THE free concert in Glasgow’s George Square on June 11, 1965, was supposed to be a fairly quiet affair, with 200 office workers expected to sit through it during their lunch break. When the city fathers had invited the Beatstalkers to play, they hadn’t known about the teenage rebellion that was building around the band.

When at least 5000 (and probably more) people invaded the square, destroyed the stage, and sent frontman Davie Lennox, bassist Alan Mair, keyboardist Eddie Campbell, guitarist Ronnie Smith and drummer Tudge Williamson running to the City Chambers for protection, the city father knew better.

After having formed as a school band, then reinvented themselves by performing American R&B music with a Scottish twist, the Beatstalkers had spent two years building their reputation in the cafes, clubs and ballrooms of Scotland. After what became known as the George Square Riot, they experienced scenes just as big as Beatlemania down south.

Shows were abandoned, airports were mobbed, and the band members couldn’t sleep for he hordes of girls waiting for them and wanting them in the tenement stairways. Lennox said: “It got the point that, if we only got the response other bands got, we were disappointed.”

In the aftermath of the “riot,” Scottish media opened up to the “beat boom” more than they ever had before. It was the first time a home-grown band had made the front pages, and made it possible for others to do the same. It was a moment of revolution in Scottish music – and every band, from that Friday afternoon to yesterday, have followed the trail blazed by the Beatstalkers.

They sold out a record 14-night residency in the Barrowland Ballroom and even sold out the Dennistoun Palais when they weren’t there, with fans paying to see full-sized cardboard cutouts and hearing a piped-through phone call from Lennox. With Scotland too big to hold them, they headed south and sold out London’s iconic Marquee Club two weeks running.

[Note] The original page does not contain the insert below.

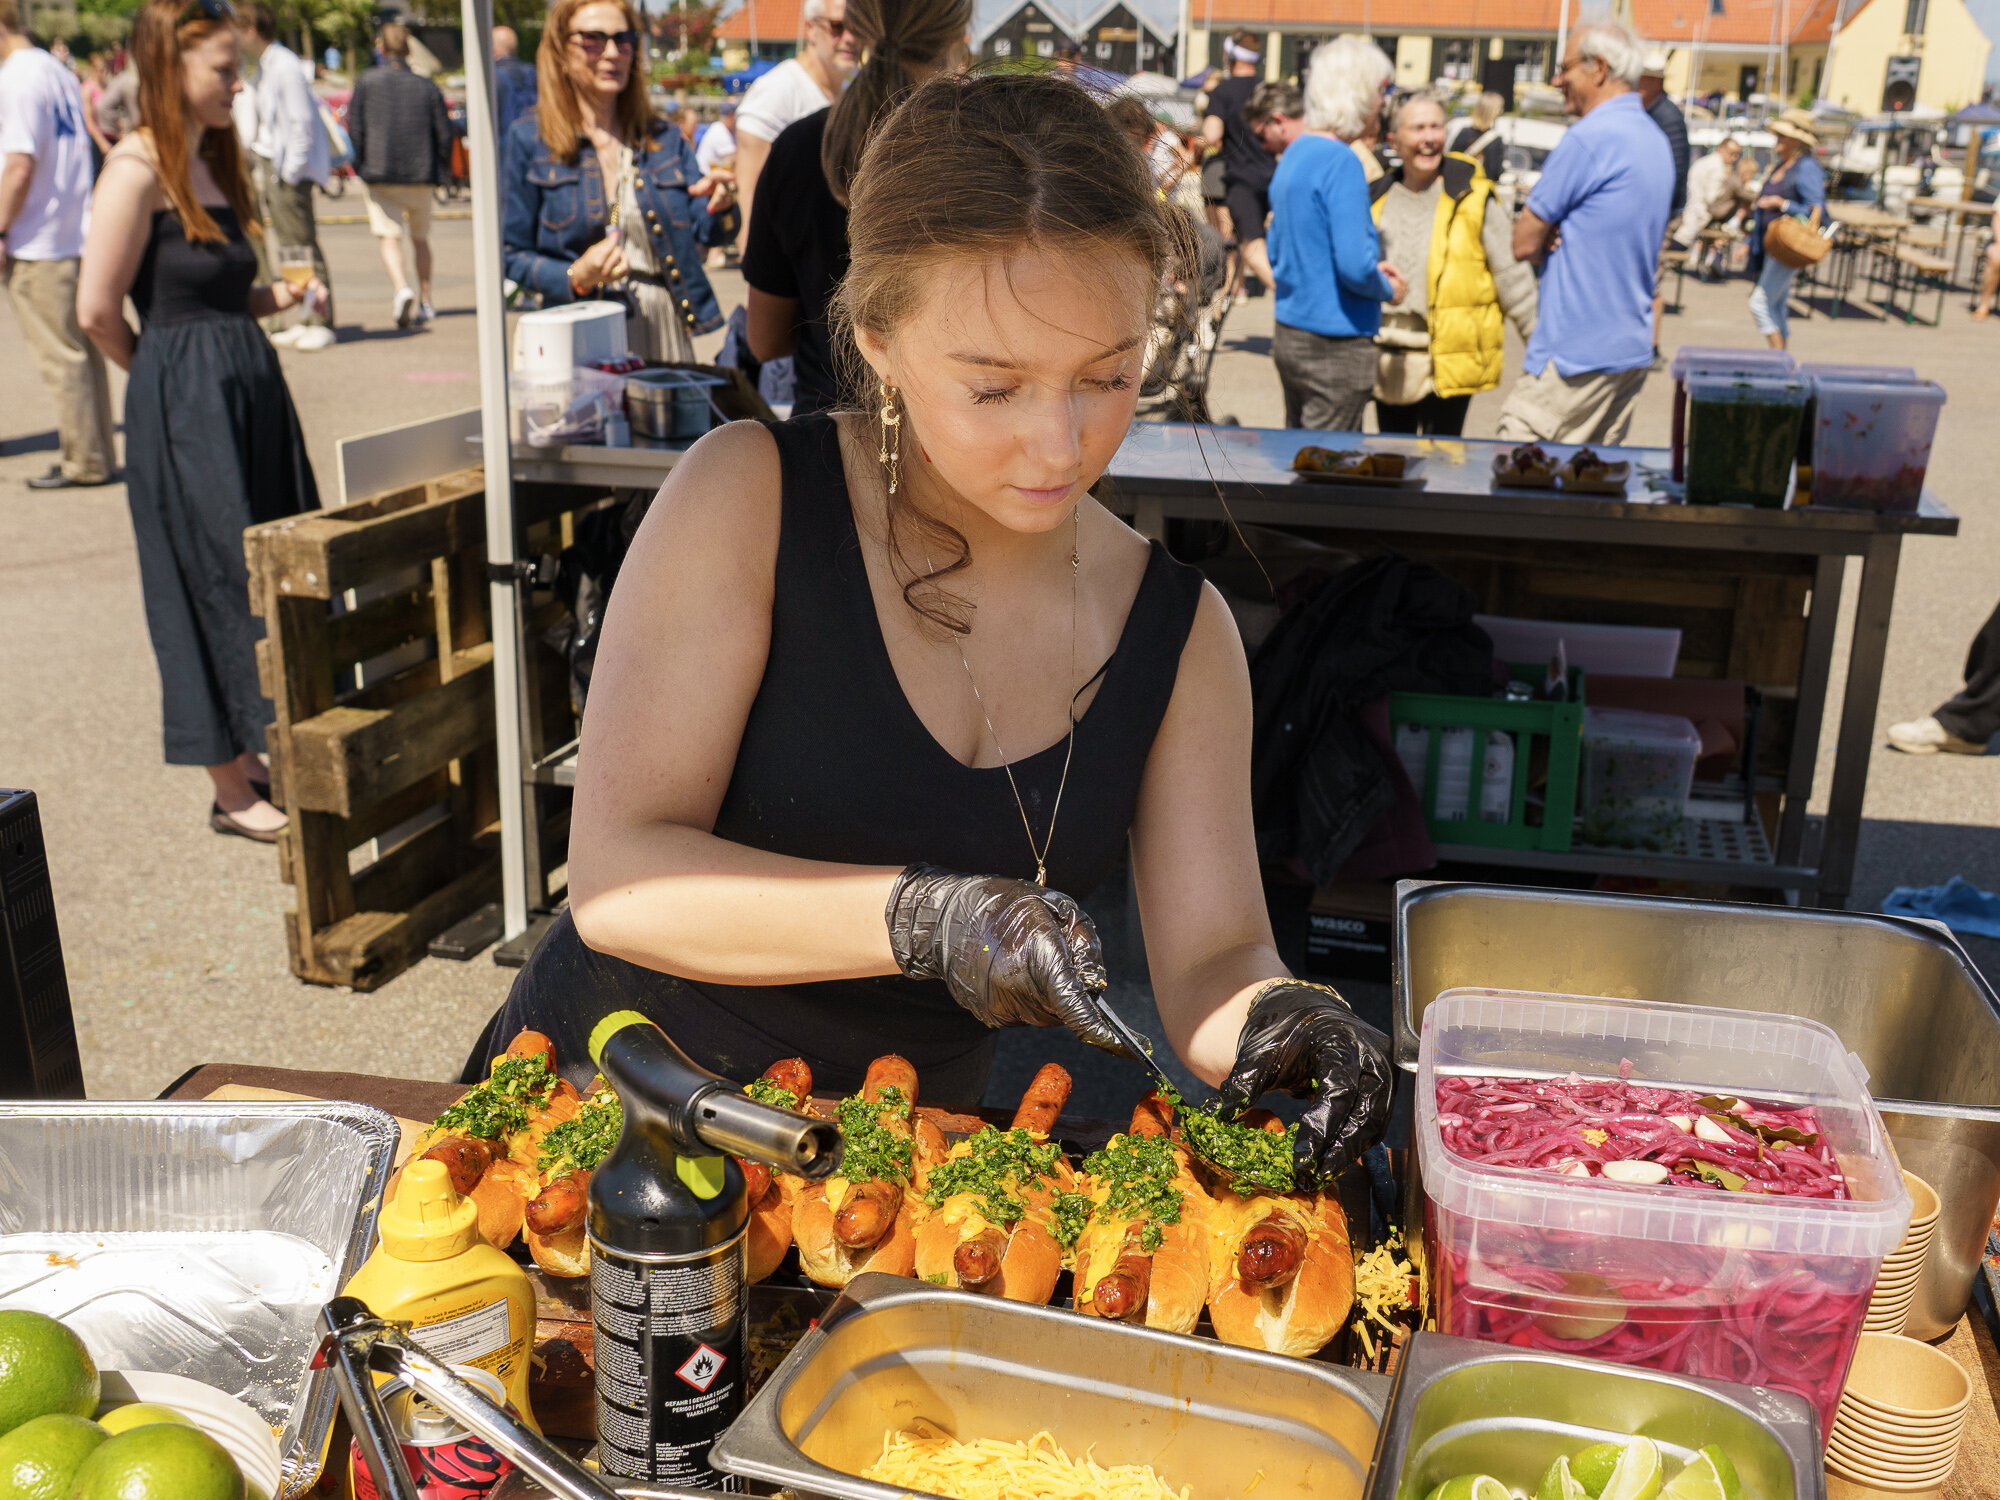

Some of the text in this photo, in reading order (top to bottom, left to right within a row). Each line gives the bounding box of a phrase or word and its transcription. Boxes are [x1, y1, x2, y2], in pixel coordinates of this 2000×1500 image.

[664, 1382, 734, 1407] GEFAHR GEVAAR DANGER
[672, 1392, 729, 1413] PERIGO PELIGRO FARE
[707, 1404, 719, 1413] FARA

By 1966 they were managed by David Bowie’s svengali, Ken Pitt, who paired them up with the future Ziggy Stardust. He wrote three single for them and can be heard singing backing vocals and playing guitar on “Silver Tree Top School For Boys,” “When I’m Five” and “Everything Is You.” Lennox, who described the tie-up as a “mismatch,” recalled his horror at being asked to sing a song about a scandal at a private boys’ school. “I remember glaring across at David in the recording booth. ‘Silver Tree Top School For Boys’? I’m fae Govan – I’ll lamp you!”

(Not that there was any negativity for Bowie himself, although Lennox says he resented having to buy charity scratchcards from him all the time, along with a seemingly endless supply of borrowed cigarettes. “Every time I met David I lost money,” Lennox said with his trademark Victor Meldrew humour.)

But just like their earlier singles, the Bowie material wasn’t what the fans expected or the band wanted to play. Still in their teens, the Beatstalkers believed that the management knew best, and so did the management, and it wasn’t true. Infrastructure also played against them – with only two chart return shops in Scotland registering sales figures for the hit parade, debut single “Everybody’s Talking ‘Bout My Baby” reached No.37 with 5000 purchases, when in fact it should have been in the top five with real sales of 80,000.

While their live shows continued to impress, the band began to feel like they’d hit a glass ceiling; and when their van and equipment were stolen in 1969, they called it quits. “I retired when I was 23,” Lennox said. “I didn’t want to be a pop star any more. I wanted a proper job.”

The fans never forgot them, as is proved by their sold-out reunion at the Barrowland in 2005, and an equally crowded show at the Arches in 2013. But with the end of the 60s dissolving into the myriad of music that defined the 70s, the rest of the world soon forgot them. I felt it was important to record their story for posterity before it passed out of living memory.

As a former band member who’d struggled to achieve my own rock’n’roll dreams, I understood their experiences were a lesson in life to anyone else who has their own dreams. The most important lesson to be learned from the Beatstalkers is that, thought it all, they remained close friends and never let anything get in the way of that. I suspect it’s unique in the annals of pop history.

In my desire to help secure their legacy I wanted a phrase that summed it up. I got it when Eddie Tobin, former manager of the Sensational Alex Harvey Band, Nazareth, the Glasgow Apollo and countless other successes, told be: “The Beatstalkers ARE the history of Scottish music. They were the first, and they were the greatest.”